Andi, the boy, stands upright, wears trousers, and wants to be gallant like his father. Ani wears dresses and wants to look beautiful and elegant like her mother.

Can you tell yet where this is headed?

Sometimes a girl likes to wear pants, the text explains. Ani likes to wear pants when she plays outside because they make her feel more comfortable and free -- and I quote: “Nowadays women wear pants. It has been common indeed.”

Indeed.

And here it comes.

“Although a girl likes to wear pants, a boy does not like to wear a dress like a girl. It is not proper for a boy to wear a dress.”

Now there’s a statement that is both wonderfully clear and wholly inappropriate as far as modern education in western societies is concerned. A boy can’t wear a dress? The hell you say! Of course he can. He can wear anything he wants. He doesn’t even have to be a boy if he doesn’t want to be. Don’t go confusing us with these black and white notions -- in this brave new world, anything is possible (and everything too).

The volume goes on to instruct that there are certain activities that are appropriate for the male and certain that are appropriate for the female. The male, for instance, may be found repairing roofs, hefting shovels, pounding nails, whereas the woman’s place is in the kitchen and in the laundry room. The male wields the hammer and the hoe, the female the mop and the broom.

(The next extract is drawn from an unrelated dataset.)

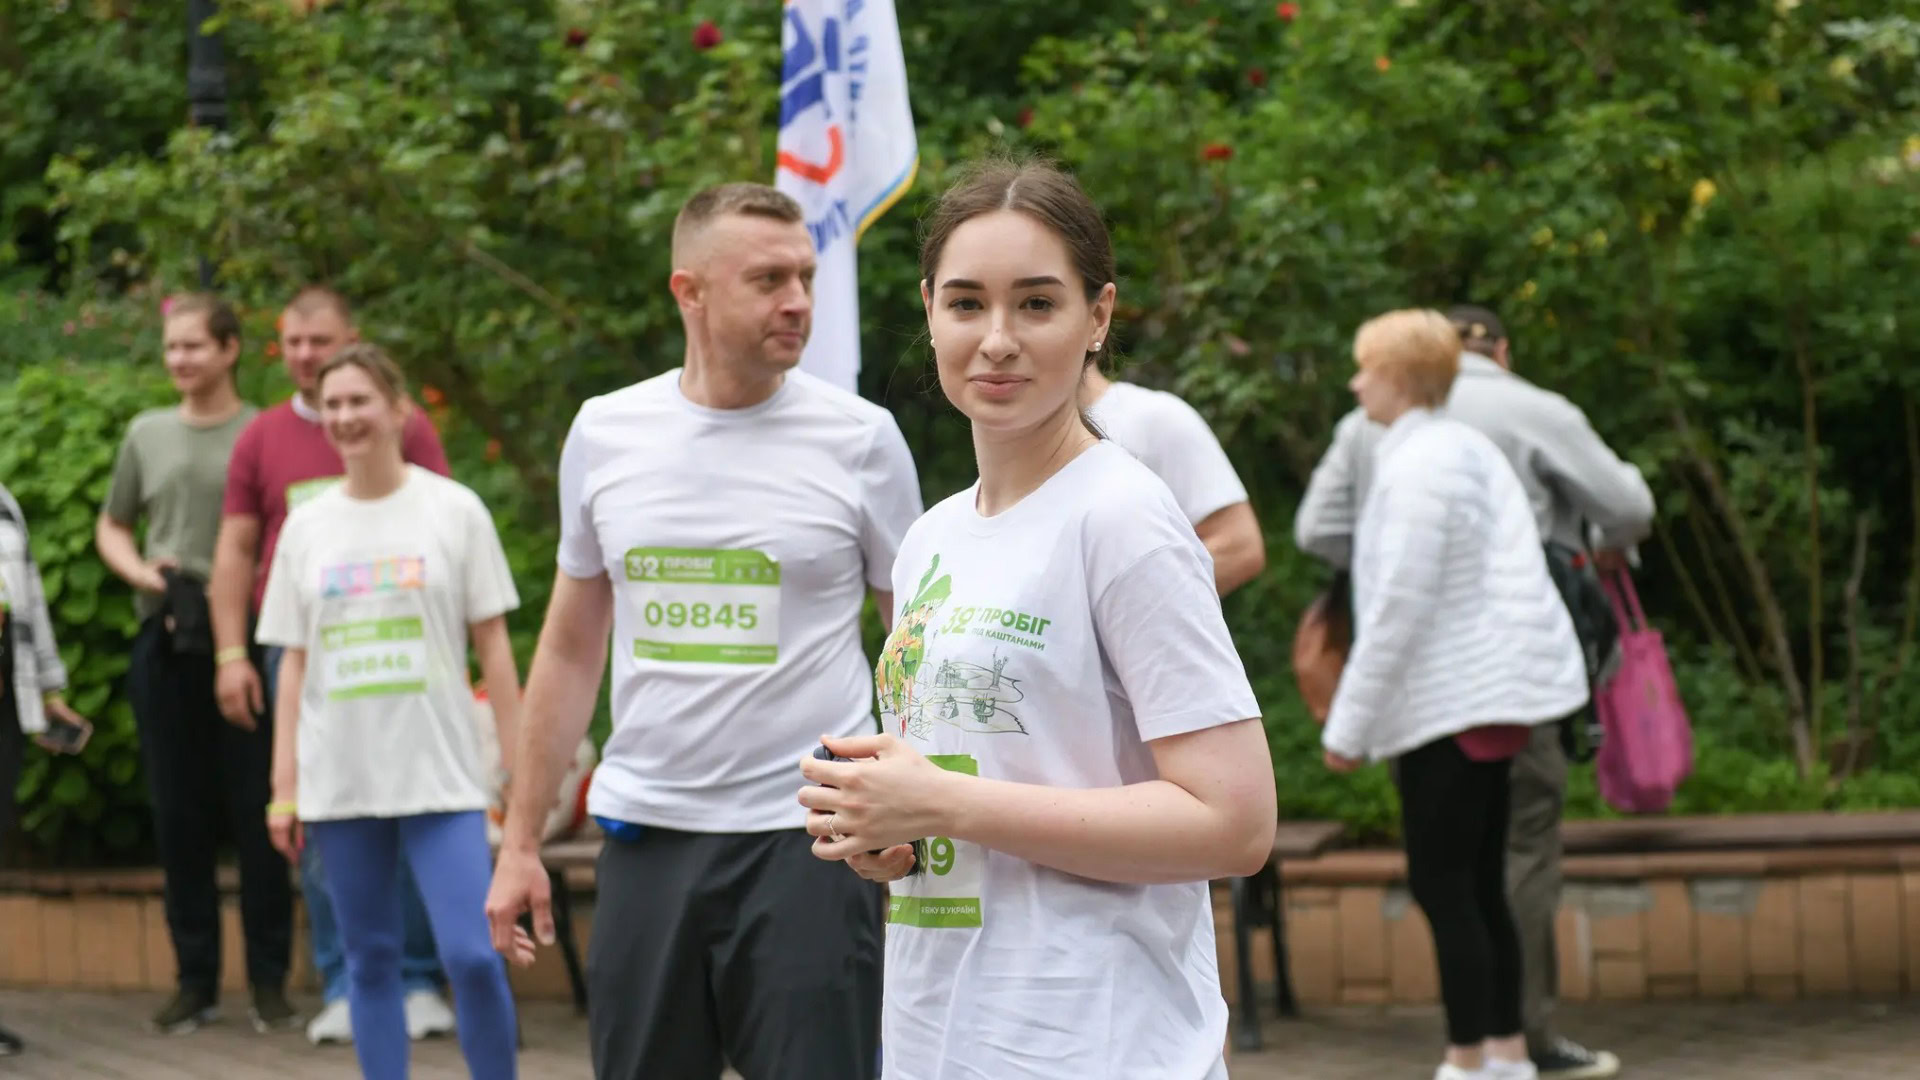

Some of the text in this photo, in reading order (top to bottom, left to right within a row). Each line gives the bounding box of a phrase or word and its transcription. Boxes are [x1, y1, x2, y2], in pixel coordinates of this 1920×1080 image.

[645, 602, 757, 630] 09845
[979, 607, 1052, 636] ПРОБІГ
[985, 629, 1045, 651] КАШТАНАМИ

Now, for a person unfortunate enough to be as old as I, social mores like those presented in Pendidikan Kewarganegaraan are not really foreign after all. At first impression they may strike us as foreign (as well as laughable), and yet if the mind has remained constant enough through the long decades of social conditioning, we will remember our own early years of instruction, the Dick and Jane books, the Hardy Boys and Nancy Drew and the Bobbsey Twins -- books which taught the same morals and mores as found in Pendidikan Kewarganegaraan. The significant difference is that the latter was published in 2010, whereas the former were creatures of the last mid century.

Most of us who have come to this country from afar are aware of having travelled not only through space but through time as well. We step from the plane into both the orient and our own back yard, circa 1959, where boys wear pants and girls wear dresses, fathers are gallant and mothers are elegant, where men are men and women are glad of it, and so on as far as clichés can be extended. We find ourselves impaled upon a double edged sword, both edges of which are keen and true; and what we have learned through the decades and what we knew from the beginning are now laid neatly open in halves side by side. Neither the one nor the other knows for certain to whom it belongs. We are shocked by the sudden re-emergence in force of a set of notions we have come to see as antiquated and inappropriate, even humorous -- and yet we are aware of some strange sense of propriety, right or wrong, residing in what we have learned to reject and shun. We call these notions truths, we hold them to be self-evident, when all they really are is easy. Life promises, once again, to become so very simple.

But it is not simple, is it? Much as we might like it to be, it is not. It is just this, in fact, that we have spent the last decades of our lives learning. It is this that progressive societies strive to acknowledge. And it is this that Andi and Ani will learn in due time as well -- that the world is made not of factory pegs and slots, but of fabulous beings, no two the same, each more unique with every inspection.

Grow up well, little children. Do no harm. Love one another. That’s the lesson in citizenship for today.